_WHAT THE TASK REQUIRES_
Everything in the listing should be copied exactly, save for the pictures.

_LISTED RECORDS_
*** Begin section ***

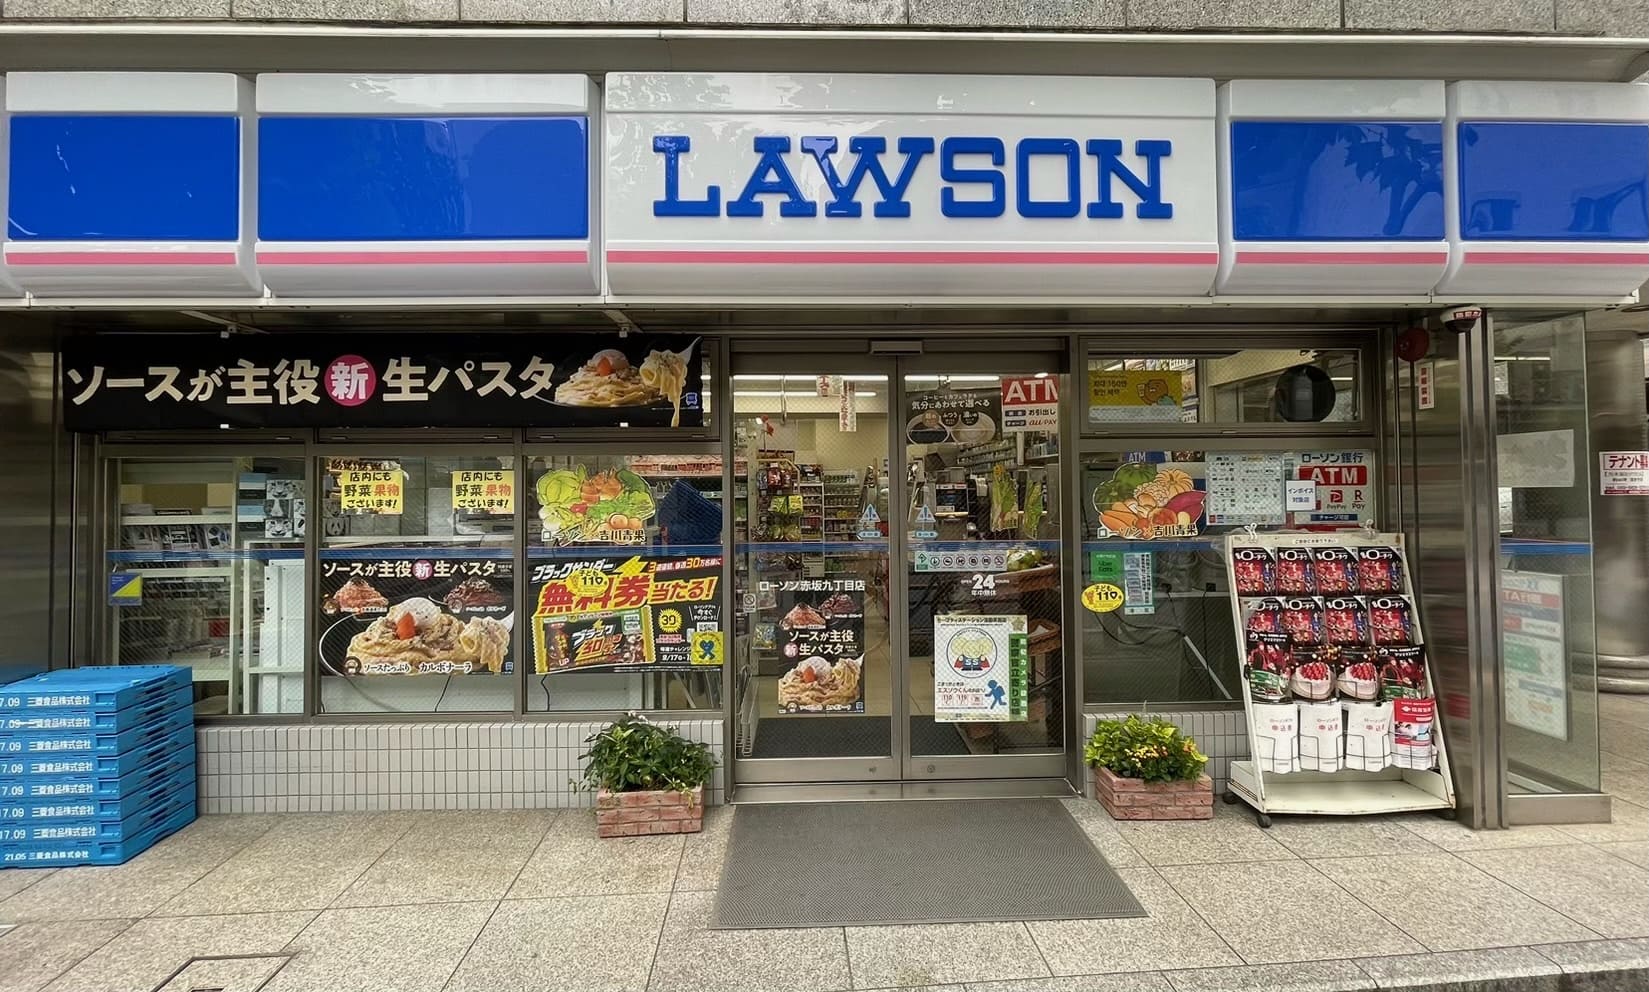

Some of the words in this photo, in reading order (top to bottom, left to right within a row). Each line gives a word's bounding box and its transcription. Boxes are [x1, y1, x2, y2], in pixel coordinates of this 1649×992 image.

[652, 135, 1173, 219] LAWSON
[911, 399, 991, 410] 気分にあわせて選べる
[1028, 408, 1056, 416] お引出し
[1301, 451, 1364, 463] ローソン銀行
[1608, 455, 1640, 468] テナント
[350, 471, 392, 482] 店内にも
[461, 471, 503, 482] 店内にも
[1311, 467, 1359, 484] ATM
[599, 528, 645, 542] 吉川青果
[1153, 524, 1197, 537] 吉川青果
[759, 579, 866, 592] ローソン赤坂九丁目店
[972, 573, 995, 590] 24
[788, 629, 855, 642] ソースが主役
[419, 662, 473, 673] カルボナーラ

*** End section ***

_RESPONSE TO THIS TASK_
Some of the words in this photo, in reading order (top to bottom, left to right within a row). Each line gives a word's bounding box and its transcription. Boxes are [x1, y1, x2, y2], in pixel coordinates of this 1649×992 image.

[652, 135, 1173, 219] LAWSON
[911, 399, 991, 410] 気分にあわせて選べる
[1028, 408, 1056, 416] お引出し
[1301, 451, 1364, 463] ローソン銀行
[1608, 455, 1640, 468] テナント
[350, 471, 392, 482] 店内にも
[461, 471, 503, 482] 店内にも
[1311, 467, 1359, 484] ATM
[599, 528, 645, 542] 吉川青果
[1153, 524, 1197, 537] 吉川青果
[759, 579, 866, 592] ローソン赤坂九丁目店
[972, 573, 995, 590] 24
[788, 629, 855, 642] ソースが主役
[419, 662, 473, 673] カルボナーラ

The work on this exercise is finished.